In fact, your design approach denies the formalism of rational and zoned city planning. Where does all this theoretical apparatus materialize specifically?

Chorus Life is a real Proximity Housing Campus. From the theoretical point of view it is the definition that best describes it. A precisely defined perimeter, within which there are homes designed with a series of integrated functions. The living space is neither for sale nor for rent, but in subscription mode to extend the services that can be used (gym, SPA, mobility). The experimentation on new behaviors has pushed us further: with an app we generate a virtuous promotion process. Thanks to an agreement made with the Mario Negri Institute, we have worked in this direction, trying to integrate health, diet and energy consumption per capita. Within the complex there is a building linked to well-being that deals with active life, nutrition, sociality. Everything is organized like a game with the aim of organizing and improving the behavior of the people who will adhere to the protocol, to verify the promise of improving the quality of life at Chorus Life. And this will also concern the virtuous behavior in energy consumption by the inhabitants.

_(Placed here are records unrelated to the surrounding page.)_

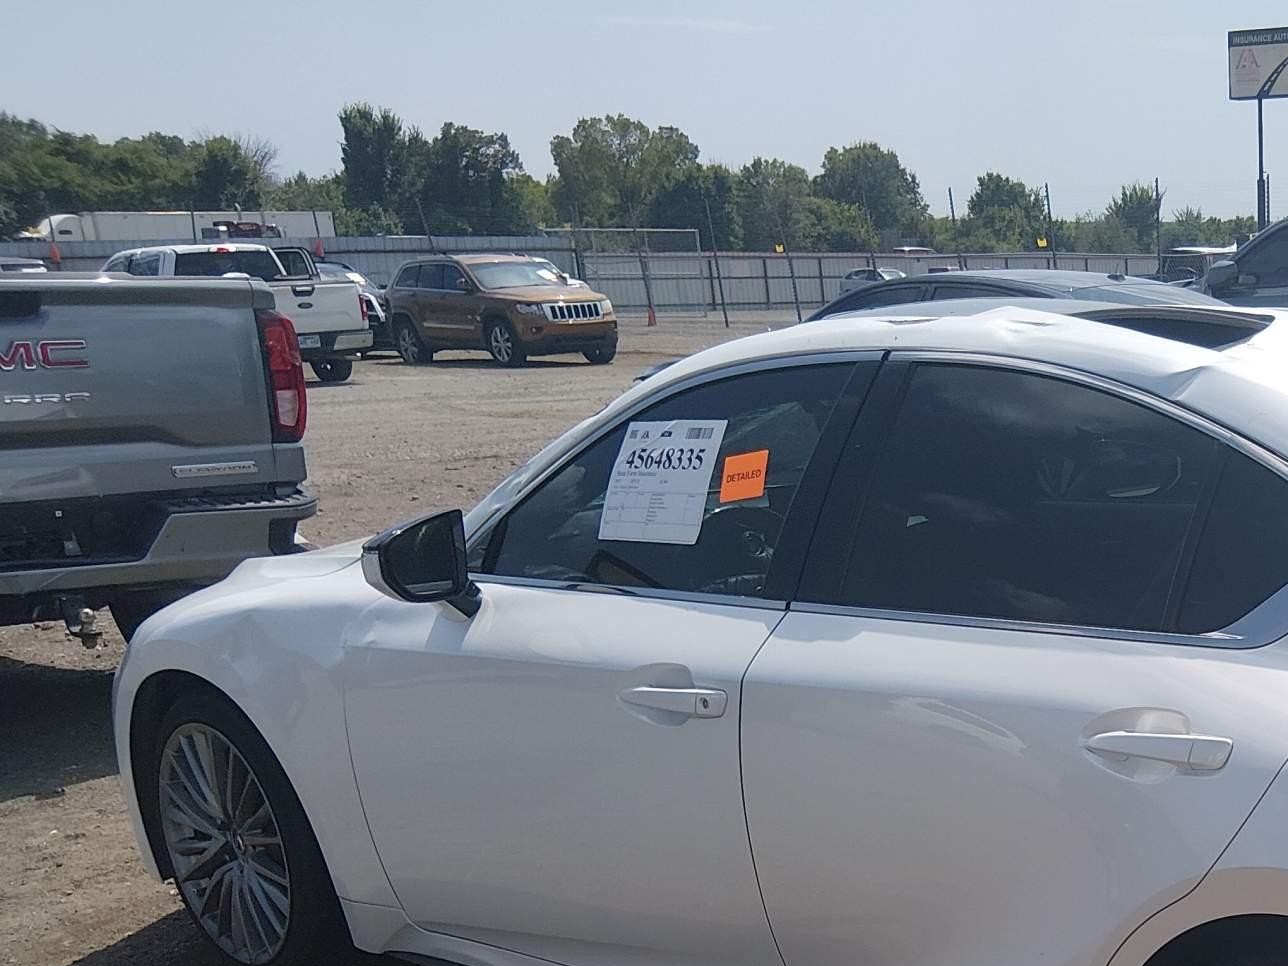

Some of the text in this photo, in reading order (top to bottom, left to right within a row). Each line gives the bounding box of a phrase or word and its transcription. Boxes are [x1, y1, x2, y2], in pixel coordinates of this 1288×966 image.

[1232, 34, 1272, 45] INSURANCE
[626, 447, 707, 470] 45648335
[726, 468, 762, 484] DETAILED
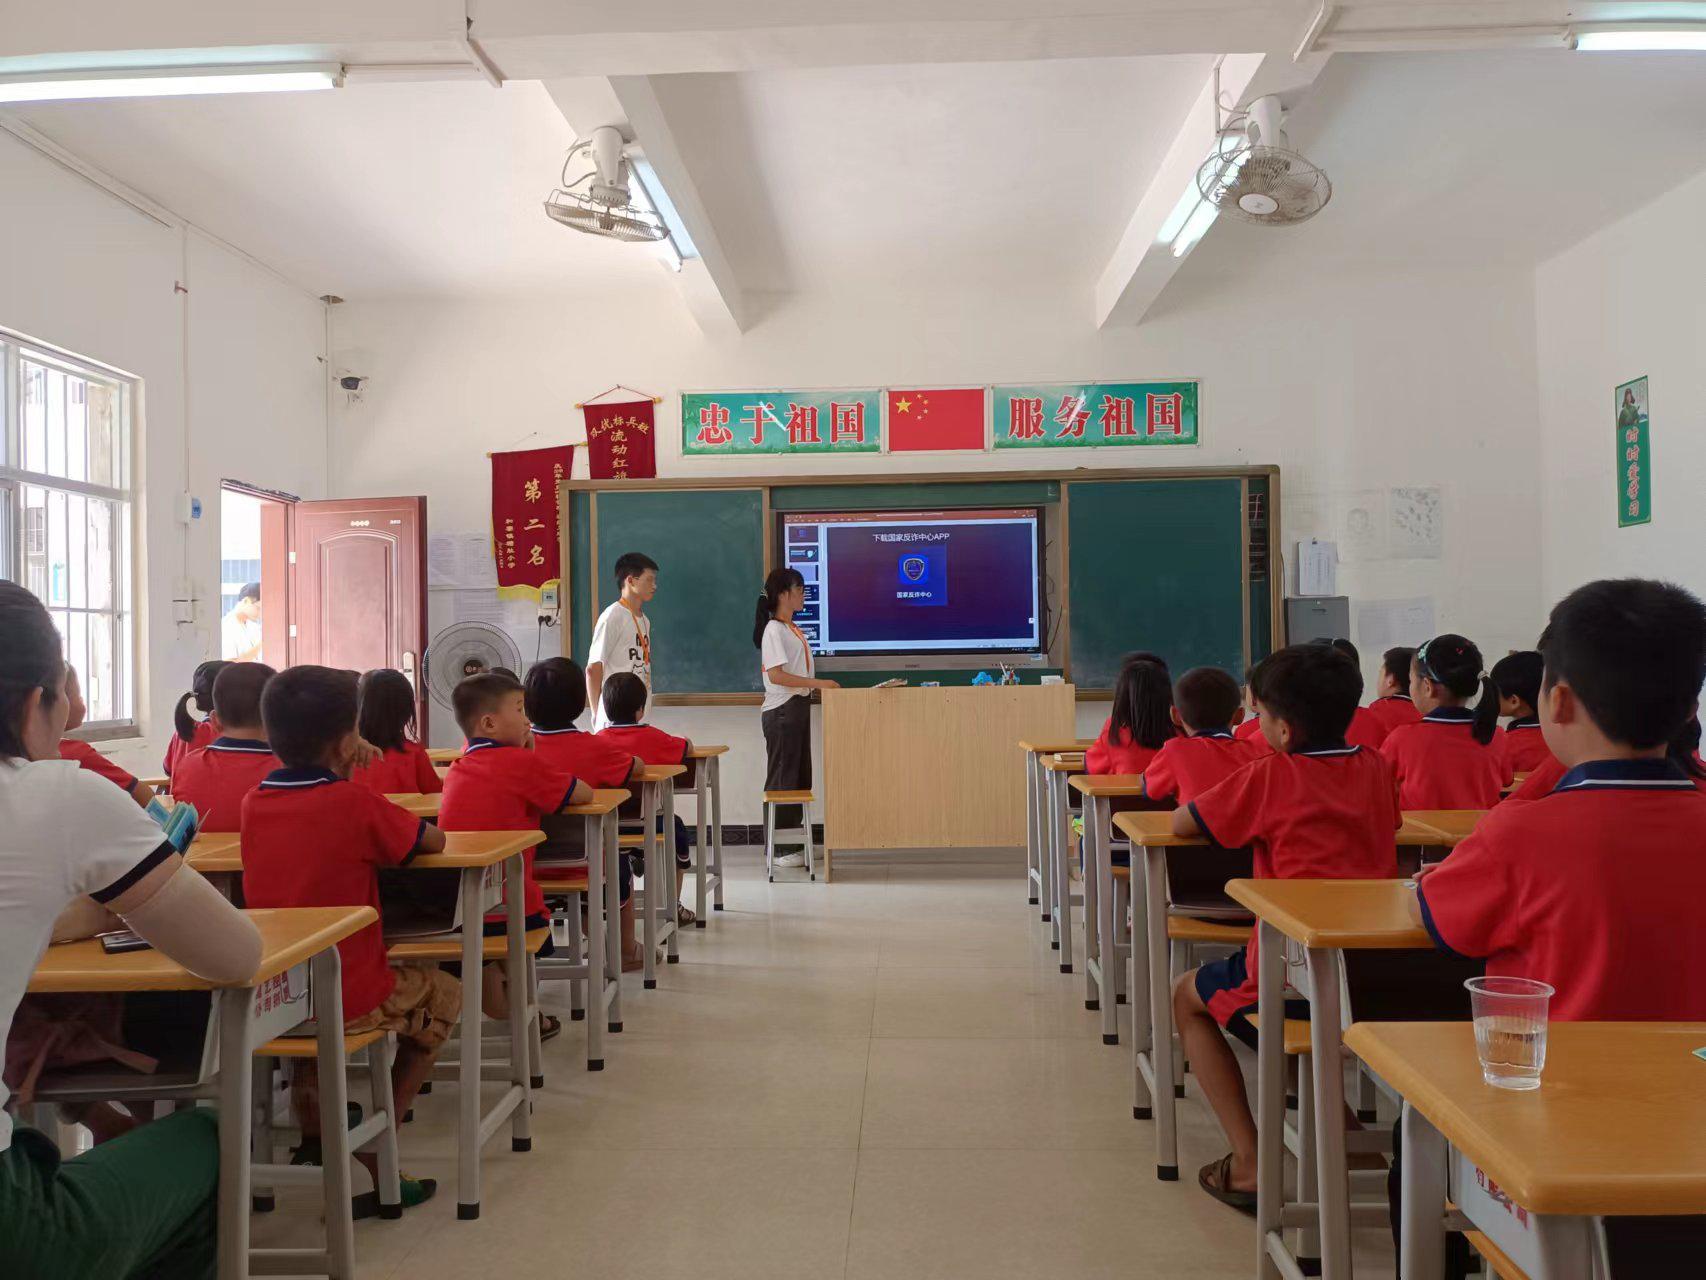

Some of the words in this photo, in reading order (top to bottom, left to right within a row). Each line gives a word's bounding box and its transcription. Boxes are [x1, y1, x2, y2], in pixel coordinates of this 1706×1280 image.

[697, 401, 865, 445] 忠于祖国
[1007, 392, 1184, 439] 服务祖国
[523, 477, 546, 567] 第二名
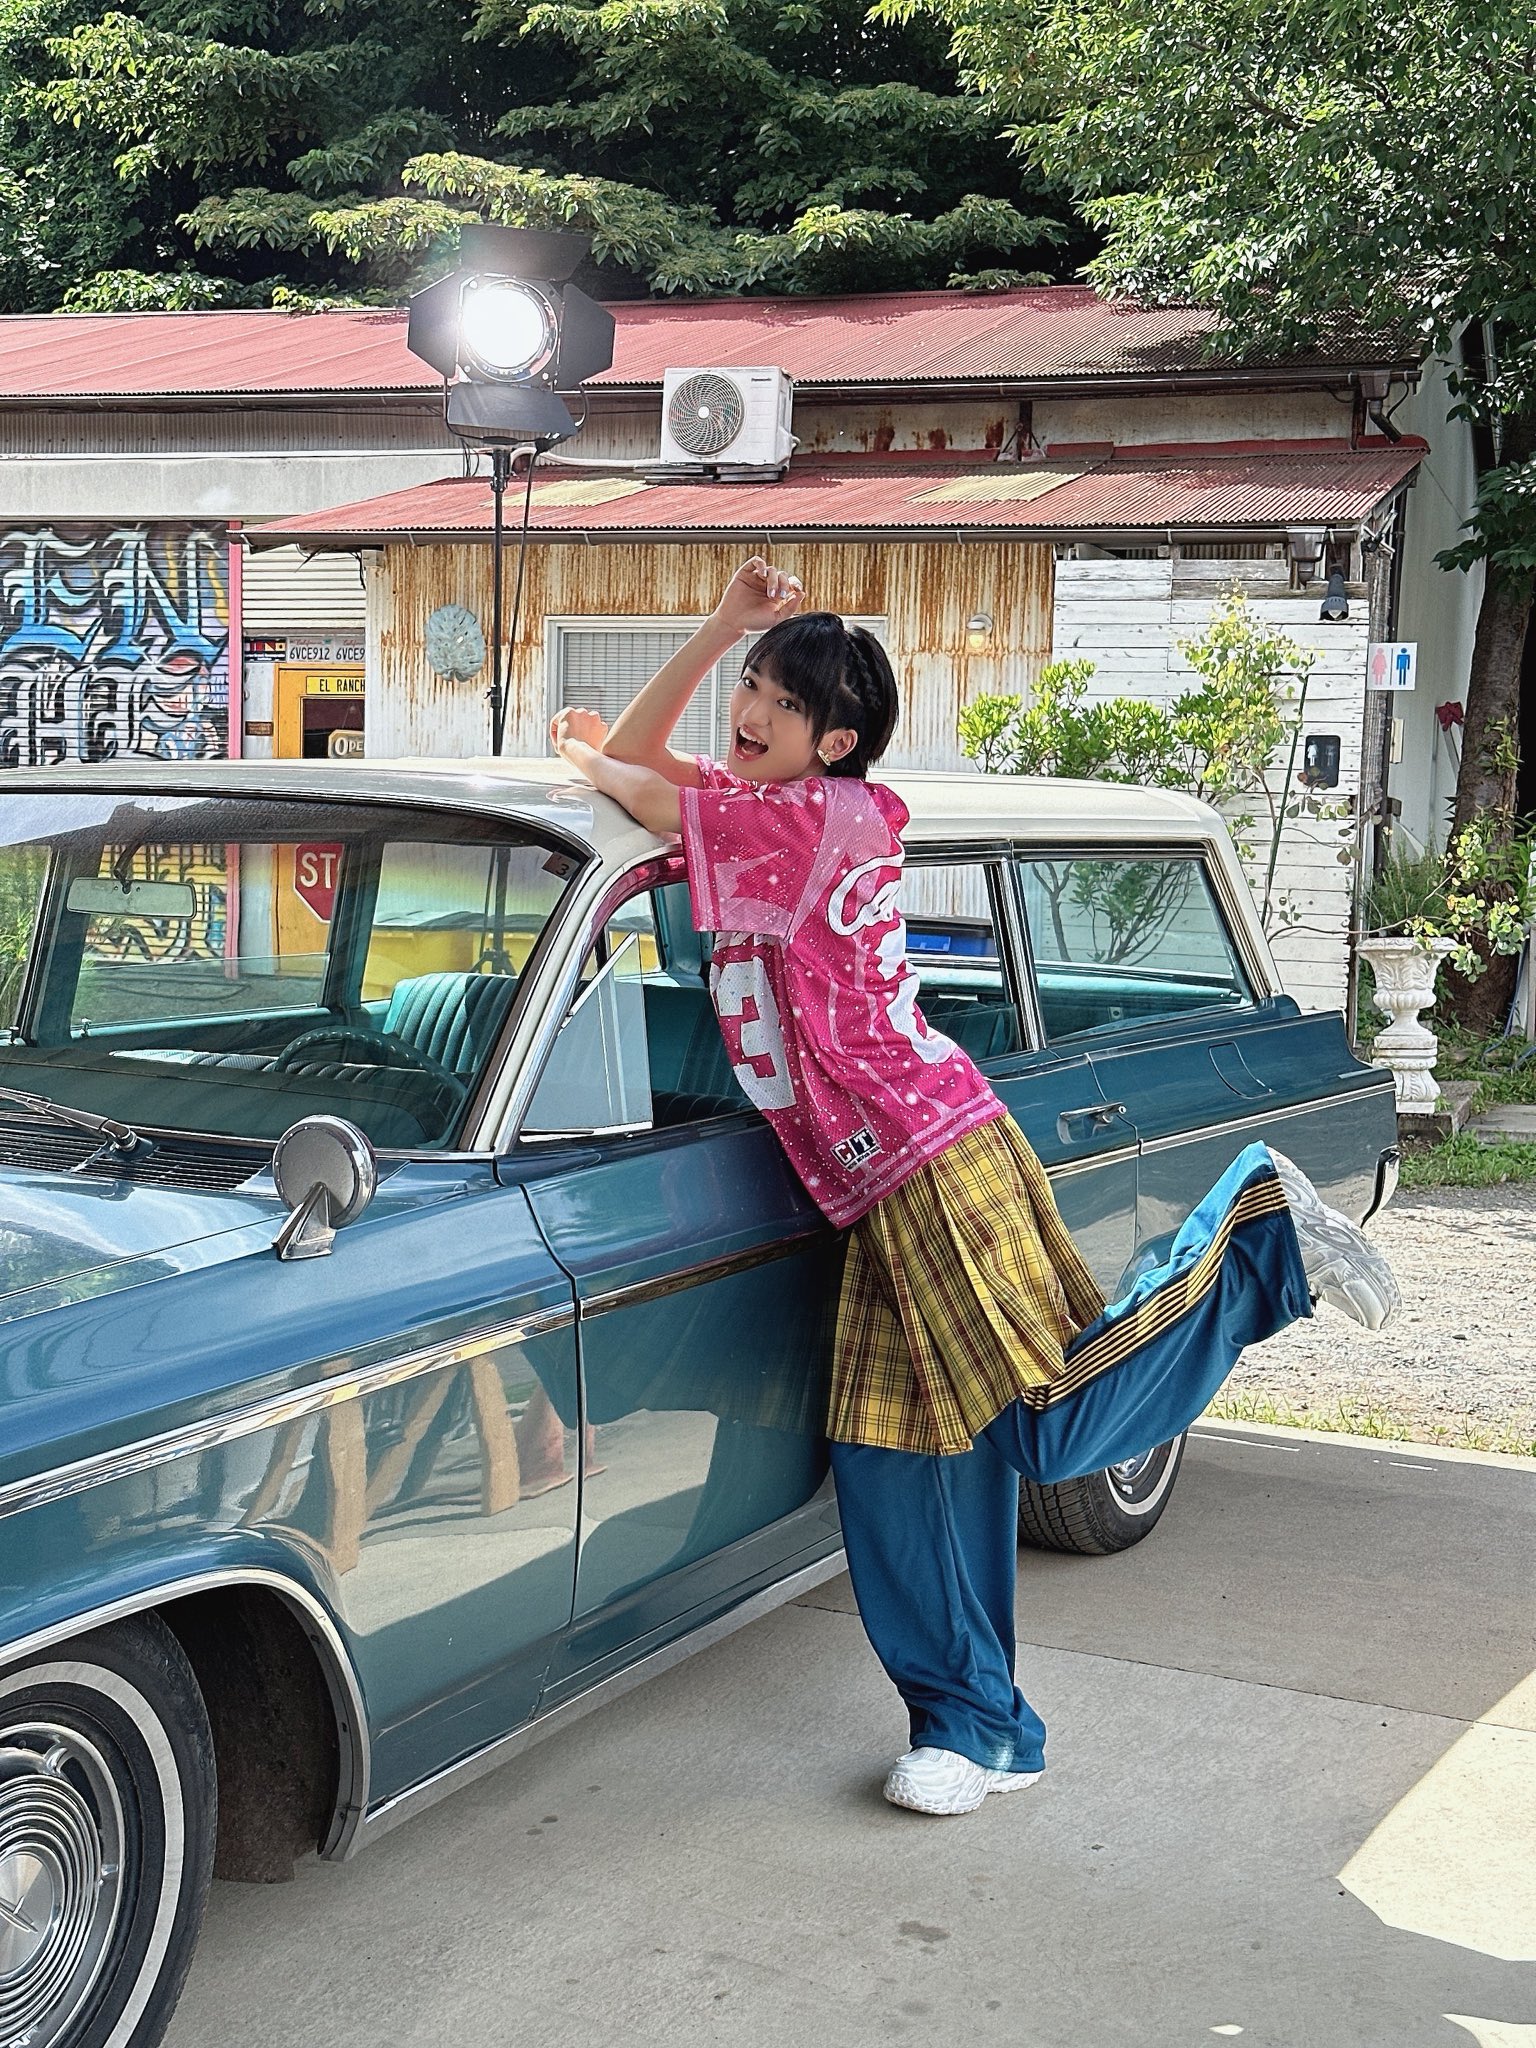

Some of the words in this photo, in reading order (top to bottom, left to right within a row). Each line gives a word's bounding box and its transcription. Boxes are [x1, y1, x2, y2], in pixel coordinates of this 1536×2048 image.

[289, 646, 330, 660] 6VCE912
[319, 678, 331, 692] EL
[300, 852, 337, 889] ST

The design is dividing into two areas. On the one hand, the ambitious desire to zonate the domestic space by establishing precise spaces and functions, on the other hand, to leave the space free, allowing the tenant to choose his spaces. In this dialectic, where does your design philosophy fit?

I believe that the spaces of work, life and vacation are increasingly mixed. A mixitè accelerated by the pandemic: surely living in a proximity environment will allow you to choose not to move to go to the office, with an increasingly technological evolution of apartments. The new typological character will consist in having increasingly equipped and functional microcosms to be extended also to people who belong to different nuclei and public spaces increasingly connected to the network. Technologically equipped microcosms will help create the evolution of the 21st century apartment and condominium. Co-living rides the future we are experiencing.